By Lauren Diaz
On Aug. 24, the College welcomed the 1,573 members of the Class of 2027 to campus. As the first-year students moved in and began to acclimate themselves to the College, they participated in the numerous welcome week activities, sampled the food that campus has to offer and developed friendships with other students from all over the state.
However, Welcome Week and the days that followed were not without its challenges for new students. It was quickly discovered that Travers Hall, which is home to a sizable portion of the freshmen class, was also home to some unwelcome guests.
Travers was hosting a nest of yellowjackets, specifically on the high side of the building.
Freshman English major Ava Pellegrino and undeclared arts and communications major Hope McHugh live on the fifth floor of Travers Hall, and they have been dealing with the yellowjackets before they had even began living on campus.
“We first noticed it when we were moving our stuff in,” McHugh said. “We had found four dead ones.”
McHugh went on to tell The Signal that in the days that would follow, they would find anywhere from three to five yellowjackets a day in their room. She believes that they keep entering from a faulty seal on their windows.
Between the roommates, they had put in four work orders combined. Pellegrino tried to call someone in an attempt for someone to come fix the problem, to little avail.
At about 3:30 p.m. on Aug. 31, residents of Travers Hall received a text alert from the department of Residential Education and Housing, which read: “Due to the need to address a yellowjacket nest on the exterior of the building, we need students on the high side of the building to close their windows fully by 7 am tomorrow, Friday 9/1.”
The typical form of treatment for exterminating yellowjackets and wasps of that nature is using an aerosol spray that has a large range, to allow for safe extermination. Extermination processes can be handled by an exterminator, or DIY-ed, according to Forbes.com.
The next day, at around 1 p.m., the residents were alerted that the College had “completed treatment of the area, but recommends students on the high side keep their windows closed until 3 pm to avoid contact with any yellowjackets that attempt to return to the area.”
The results of the treatment proved to be a mixed bag. Some residents were satisfied with the results of the treatment, and others believe the issue has only gotten worse.

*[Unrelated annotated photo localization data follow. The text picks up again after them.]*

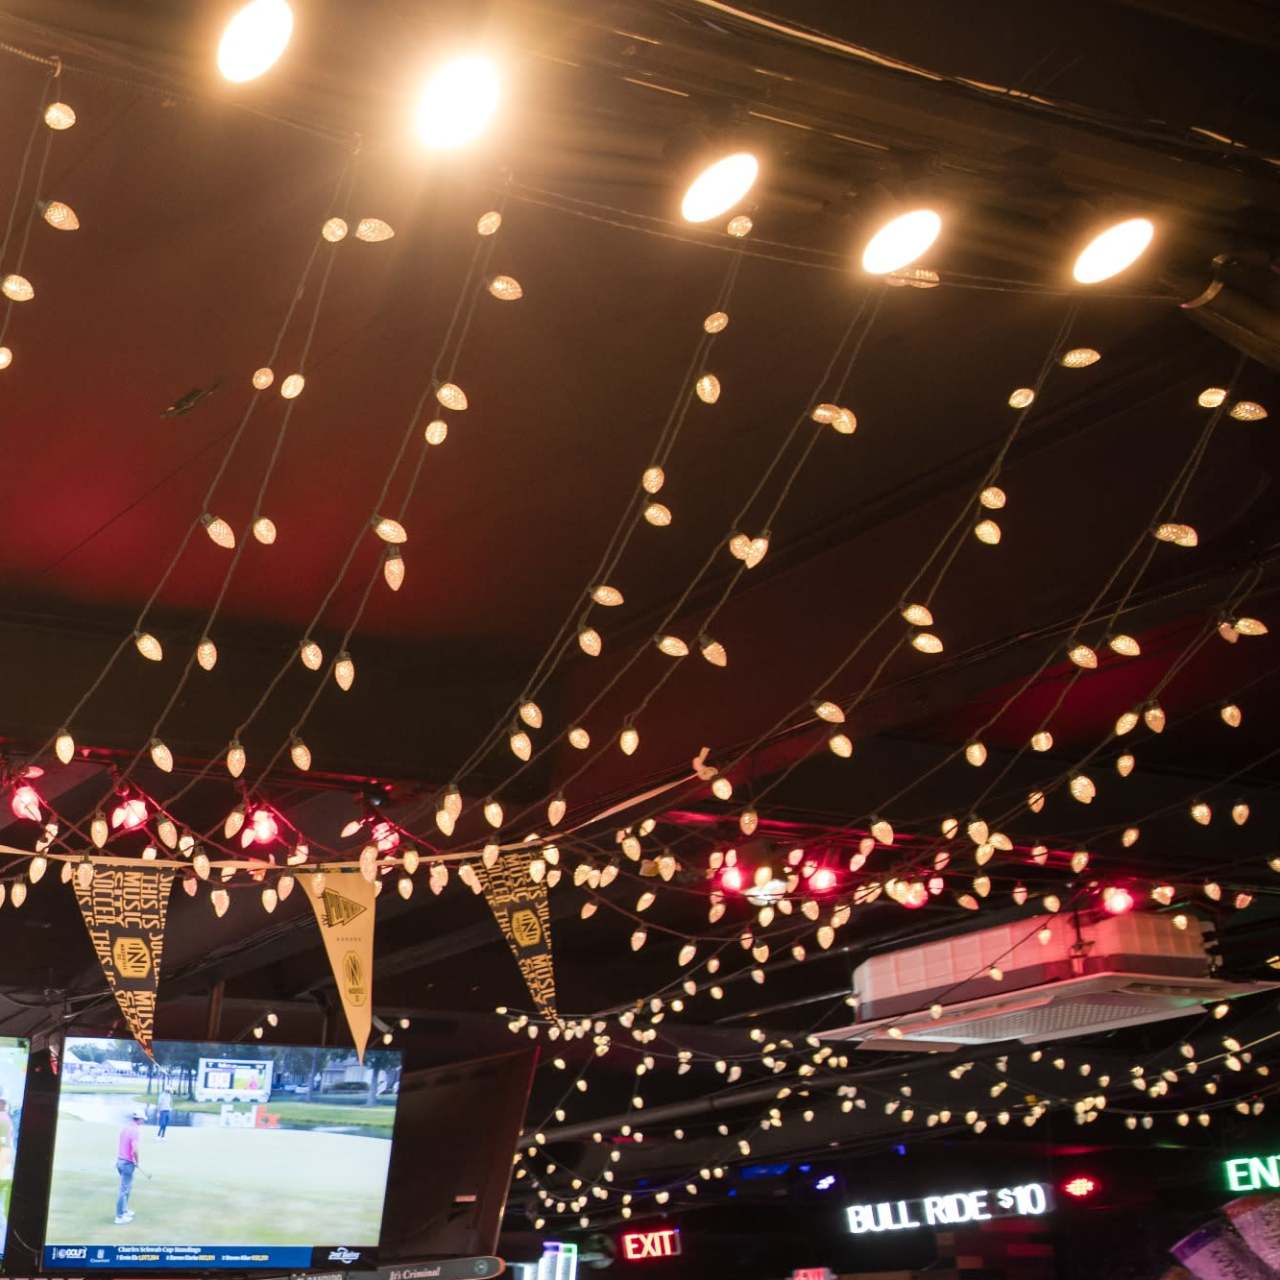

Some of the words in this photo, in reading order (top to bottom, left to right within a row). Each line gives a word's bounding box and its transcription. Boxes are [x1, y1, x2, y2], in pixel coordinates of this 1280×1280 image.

[93, 869, 114, 928] SOCCER
[113, 870, 126, 928] CITY
[122, 871, 144, 928] MUSIC
[140, 872, 159, 910] THIS
[141, 913, 160, 929] IS
[844, 1198, 920, 1234] BULL
[924, 1190, 992, 1225] RIDE
[997, 1183, 1048, 1216] $10
[624, 1229, 674, 1261] EXIT
[389, 1269, 402, 1280] It's
[403, 1265, 442, 1280] Criminal

McHugh and Pellegrino agree that the condition of their room has suffered even more than in the days before the treatment. They are still facing problems posed by the wasps.

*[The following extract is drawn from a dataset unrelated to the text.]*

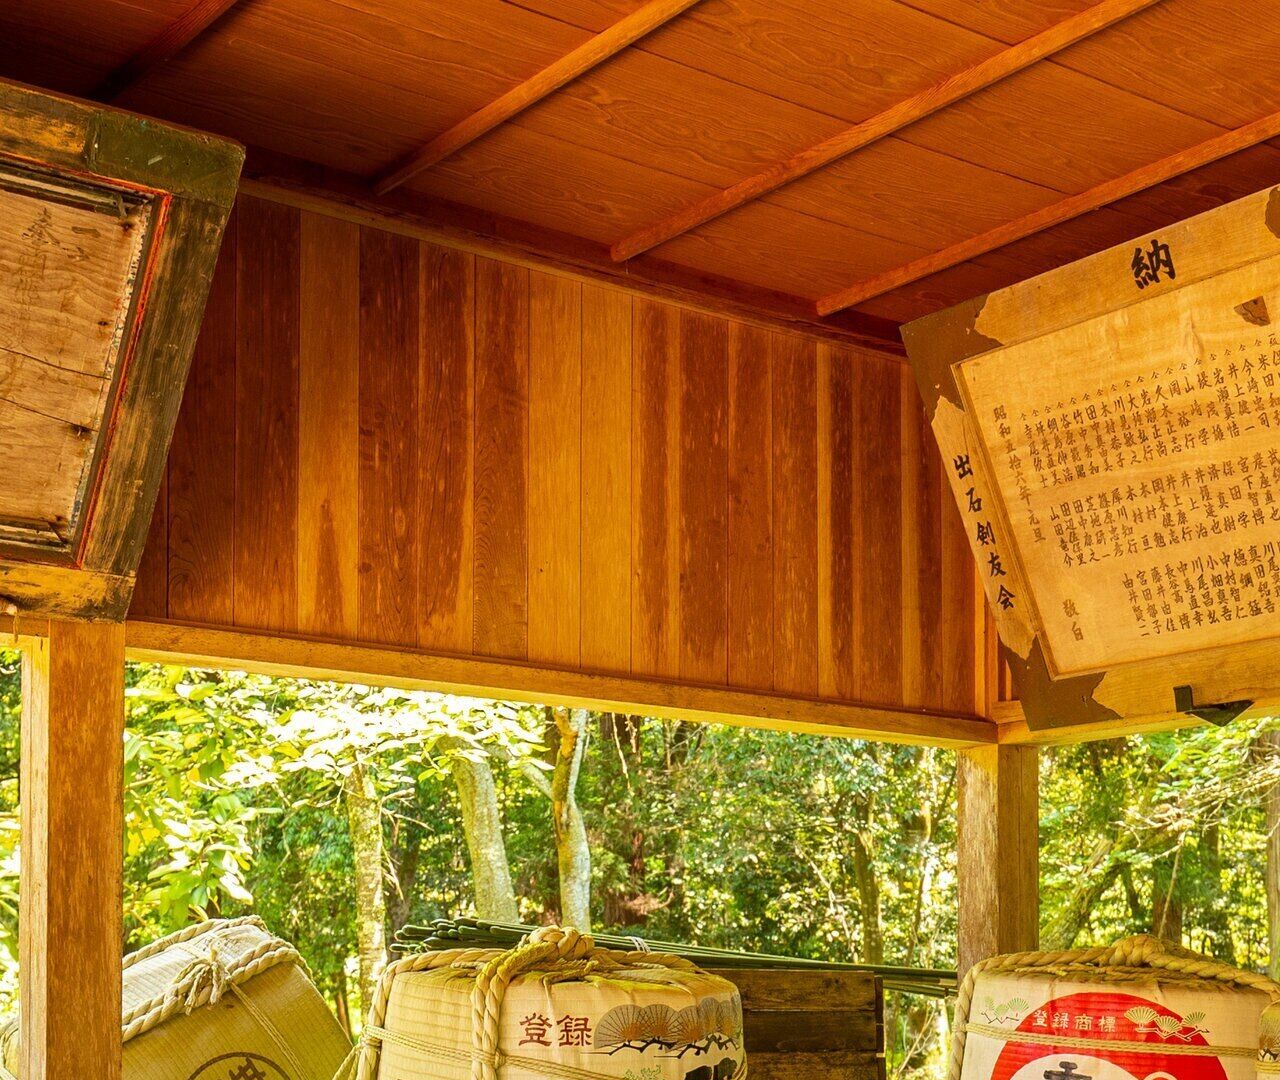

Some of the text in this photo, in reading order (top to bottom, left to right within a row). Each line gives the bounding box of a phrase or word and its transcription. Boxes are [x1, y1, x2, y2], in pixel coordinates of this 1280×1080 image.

“Wasps were very few and far between until the Friday before Labor Day,” Pellegrino told us. “The situation got much worse after they had supposedly been dealt with.”
“After the treatment, we had 11 yellowjackets come into our room in about 10 hours,” McHugh said.
Pellegrino, McHugh and several other students living in the building have since moved into a temporary dorm arrangement until the situation in their original room assignment calms down. It is currently unclear to residents if the housing department will take any further action.